En cuestión de segundos perdimos a Eduardo; se quedó por detrás.
Miles de ciclistas atavesando Sabiñánigo. Yo tranquilo. Concentrado. Atento a los ciclistas que están a mi alrededor, ligeramente pendiente de Jesus, ausente de todo lo demás.
Nos costó encontrar un grupo para rodar camino de Jaca. De hecho no creo que llegásemos en ningún momento a encontrar un grupo. Saltábamos de un grupo a otro que parecía llevar un ritmo más adecuado, pero no permanecíamos mucho tiempo en el, enseguida saltábamos a otro grupo que prometía mejor ritmo.
Mejor, que no necesariamente más rápido. Atención, no tensión. Ritmo, no desgaste.
Cerca de Jaca me di cuenta que había perdido a Jesus, se había quedado por detrás.
Sólo. Atento, concentrado, tranquilo, controlando.
Somport empieza suave. Grupos de ciclistas me adelantan, ruedan a mucha velocidad. Adelanto a grupos de ciclistas, suben muy despacio. Yo a mi ritmo, cómodo, centrado en mi mismo.

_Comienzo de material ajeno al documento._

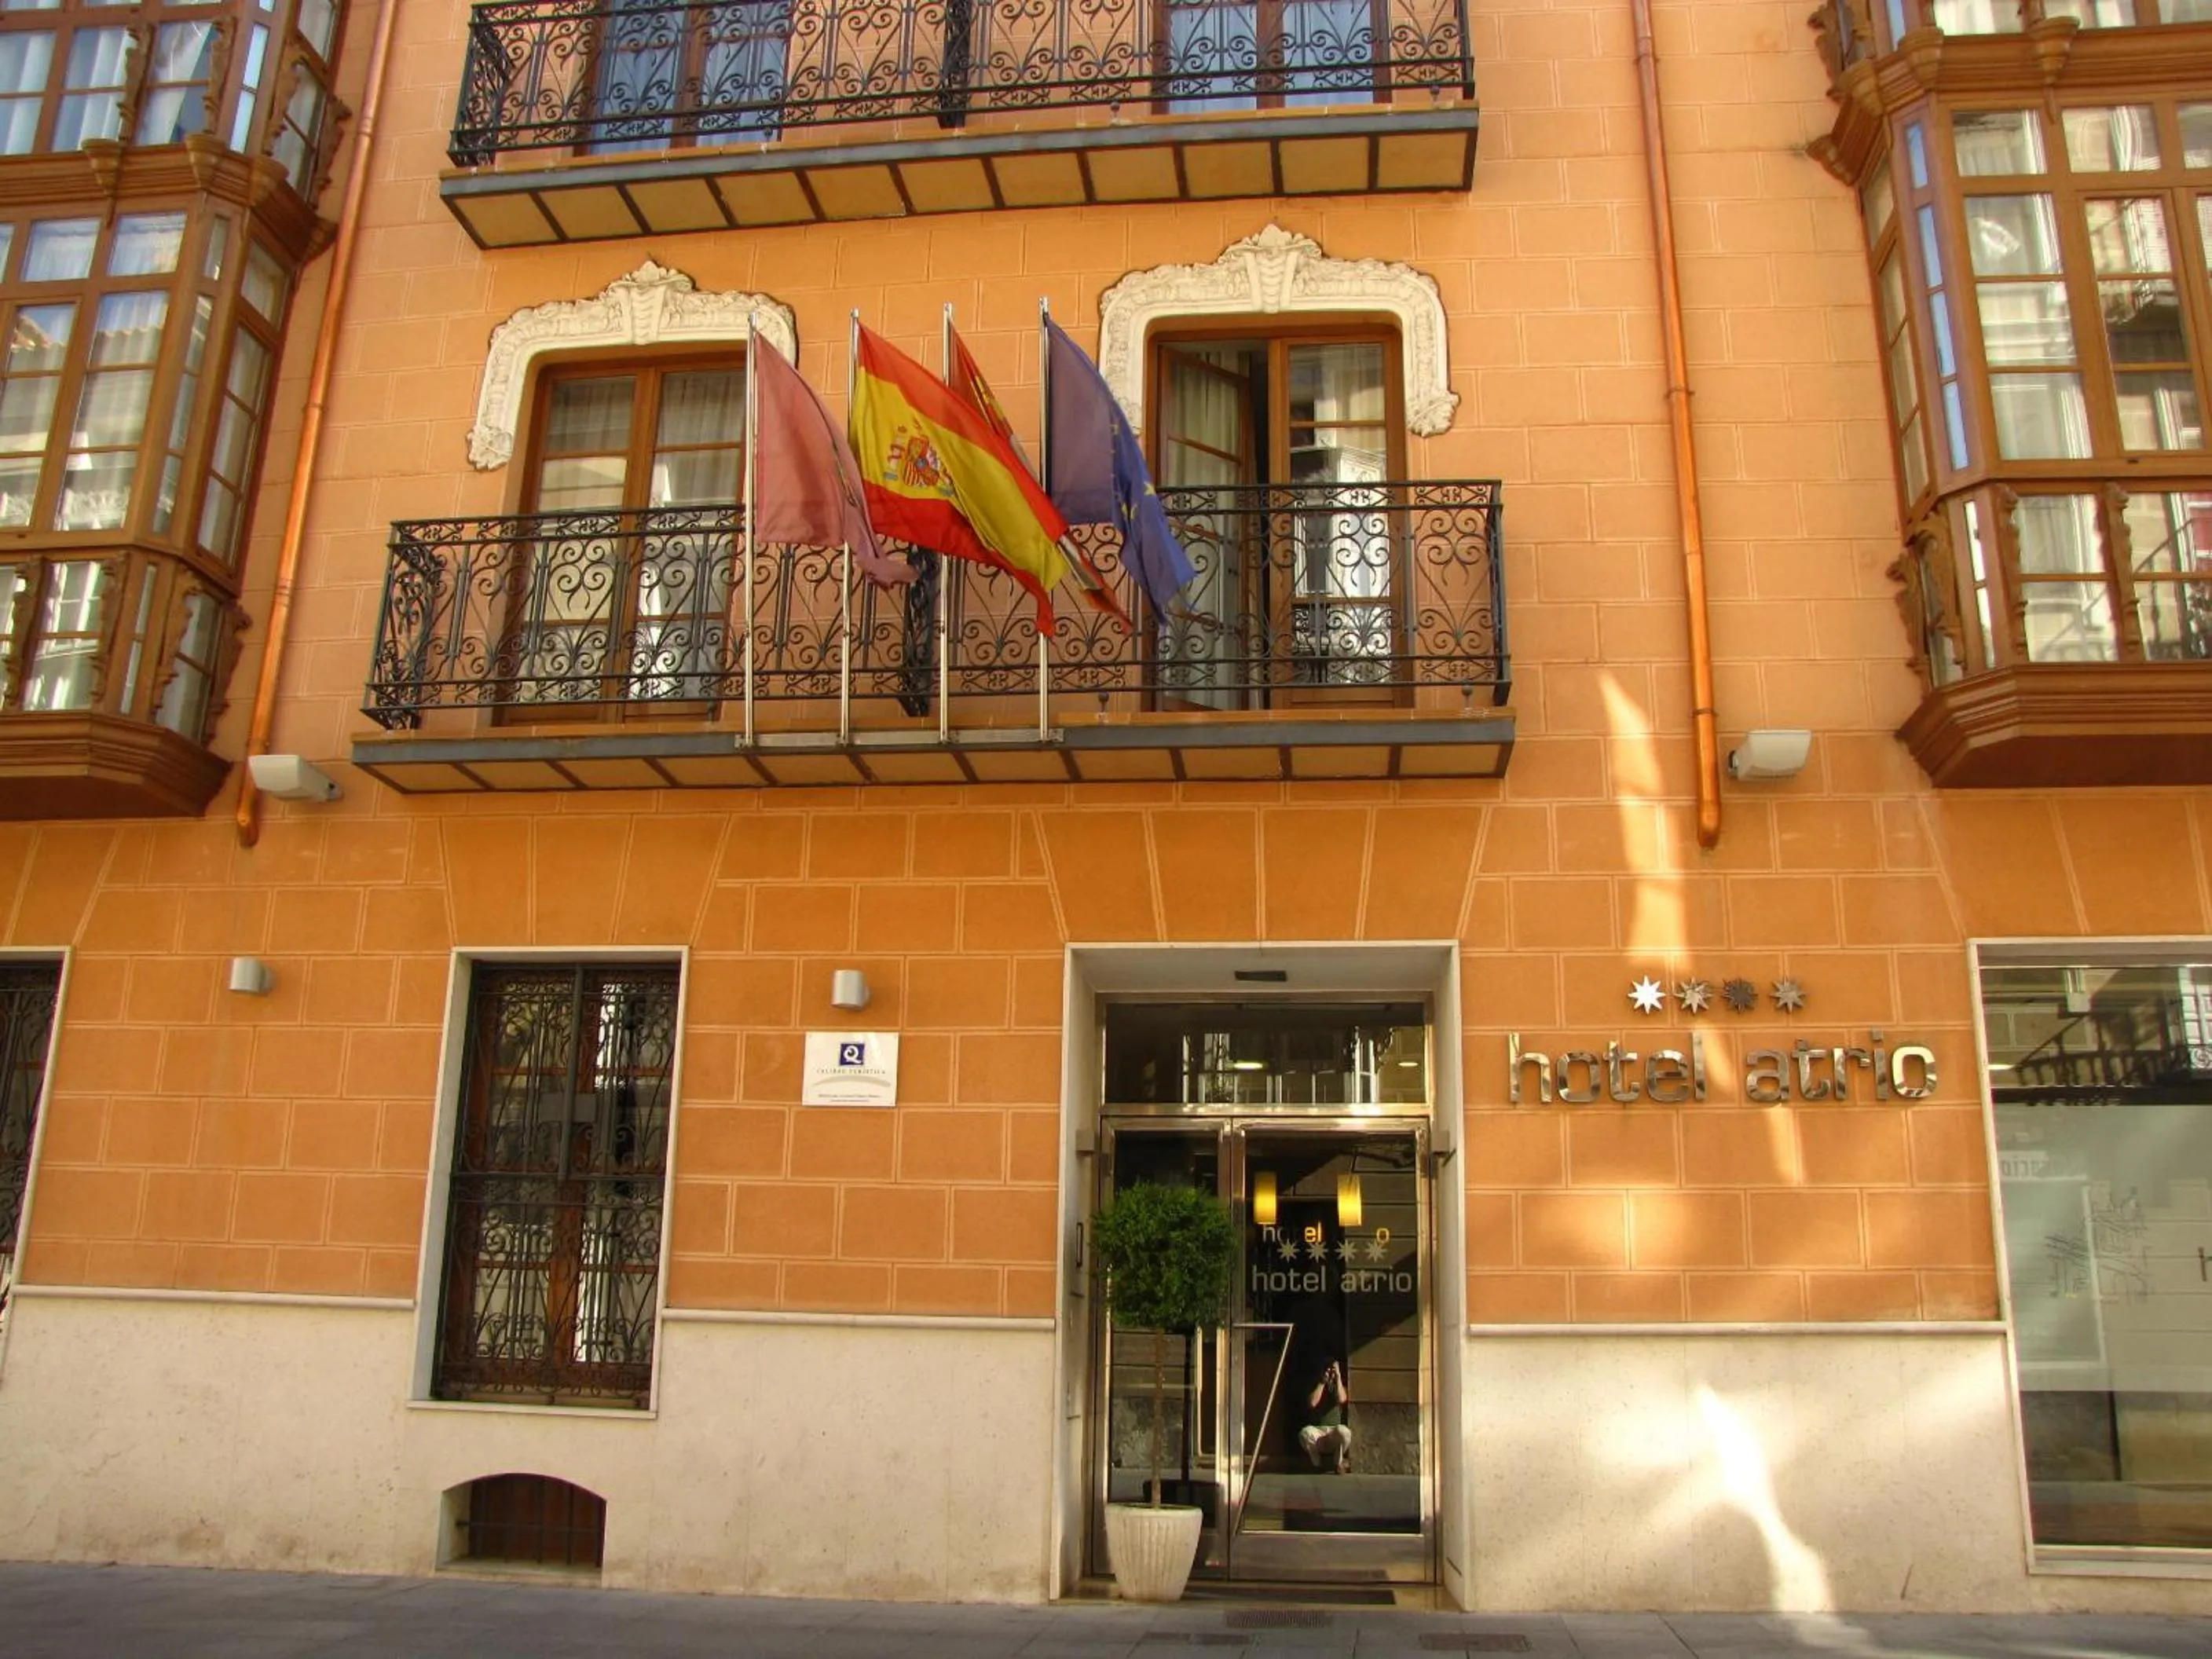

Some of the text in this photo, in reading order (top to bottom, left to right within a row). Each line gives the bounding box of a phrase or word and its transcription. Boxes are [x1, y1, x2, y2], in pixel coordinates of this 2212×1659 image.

Siento que se me cae una barrita. Miro para atrás, al suelo. Es una Special K. Lo siento, es una cerdada, pero no paro. Tengo suficientes barritas. Estoy subiendo. Hay muchos ciclistas. Siempre tengo disculpas.
Justo antes del avituallamiento vi al hermano de quien nos había alquilado la casa en Orós Bajo. Sabía que le conocía pero no quien era. “Yo a ti te conozco” grité. Me sonrió y me saludó con un movimiento de cabeza. Al ver como se movía caí en quien era. Demasiado tarde.
En el avituallamiento de Canfranc alguien grita que está lloviendo en la parte francesa. Lo esperábamos; yo también, por lo que no me inmuto.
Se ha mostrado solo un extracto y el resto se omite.